On Screen: Silas Marner

Screenplay by Louis Marx and Giles Foster

Directed by Giles Foster

A B. B.C. Film

Compared to Protestants, cradle Catholics must seem nostalgic, fatalistic, complacent. Saved at infancy, they can spend the rest of their lives merely consolidating. Since consolidation isn’t dramatic, no wonder Catholic novelists and playwrights exert their ingenuity devising ever new ways to damn their heroes. Whenever you encounter an evil genius in a Graham Greene thriller or a pernicious fool in an Heinrich Boll satire, rest assured, that monster was born a Catholic and will die cursing the God in Whom he still believes.

But Protestantism, especially of the evangelical kind, is the religion of mid-life crisis. The sinner surveys his or her past and repents of what he sees. Baptism sets him on a new path. And, once in progress, he must never look back lest he turn back. Perhaps the quintessentially Protestant moment in the Old Testament is the story of Lot, and what happened to Lot’s wife is the quintessentially Protestant warning: don’t look back.

Watching the film version of Silas Marner, which aired on PBS stations this spring, I was struck by how deeply Protestant the George Eliot story is (though Eliot had shed the evangelism of her youth by the time she wrote it). And I was also struck by the fact that the filmmakers, though wonderfully faithful to the book in all other respects, had deleted the Protestant note of warning which Eliot strikes near the end of her tale, making an already cozy story a trifle cozier than the author intended it to be, and somewhat vitiating her drama. But first, let’s praise their faithfulness to Eliot’s story and to her method of telling the story.

The plot has the symmetry and rhyming actions of a fairy tale, and indeed Eliot called her novel “a sort of legendary tale.” But in legends sheer pattern often takes precedence over emotion. Not so in Silas Marner, in which symmetry is finally upset by emotion and free will. The yarn turns out to be more than a yarn; it’s a testament to the human capacity for moral growth.

A simple, pious man subject to catatonic spells, Silas is framed on a charge of robbery during one of his lapses. Having lost his reputation, his fiancée, and his faith in God, Marner leaves his home in northern England to settle in the south as a weaver. Hoarded money fills the void in his heart but the treasure is stolen by the local squire’s younger son. The elder son’s clandestine wife comes to the village but dies in the snow; her infant daughter toddles into the weaver’s cottage while he is suffering another attack of catatonia.

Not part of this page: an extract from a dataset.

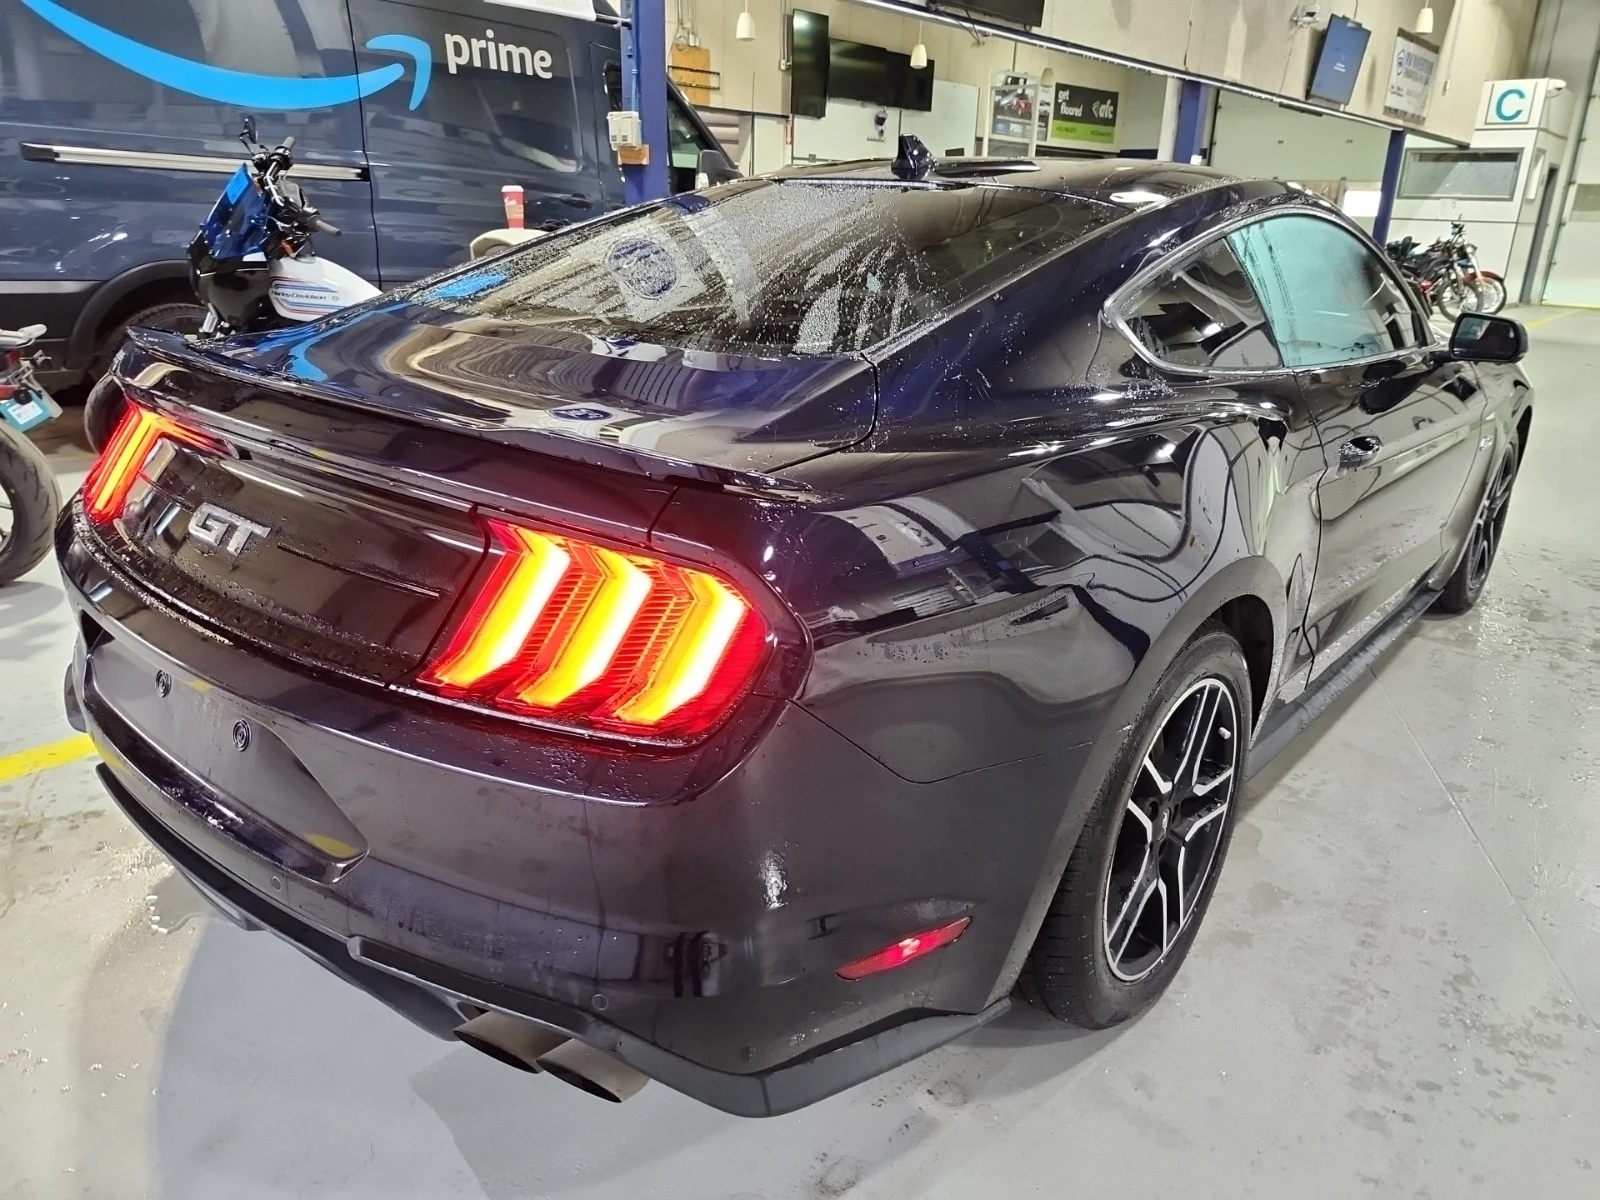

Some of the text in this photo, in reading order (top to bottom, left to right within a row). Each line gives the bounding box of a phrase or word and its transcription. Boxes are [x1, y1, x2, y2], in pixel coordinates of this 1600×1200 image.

Seeing the blonde hair of the girl crouched beside his fireplace, the weaver momentarily hallucinates that his gold has been restored. Then he clutches the child to him in an excess of love that lasts the rest of his life. Years pass. The girl’s father, happily remarried but childless, comes to claim his daughter just at the moment that Marner’s gold has been restored to him through a freak accident. At this point, the fairy-tale symmetry should reexert itself: since the gold has come back to Silas, the child should go back to its real father. But human emotions aren’t as portable as moneyboxes. We take leave of Silas no longer troubled by catatonia but only dazed by his good fortune, the goodwill of men, and the love of God for His creatures.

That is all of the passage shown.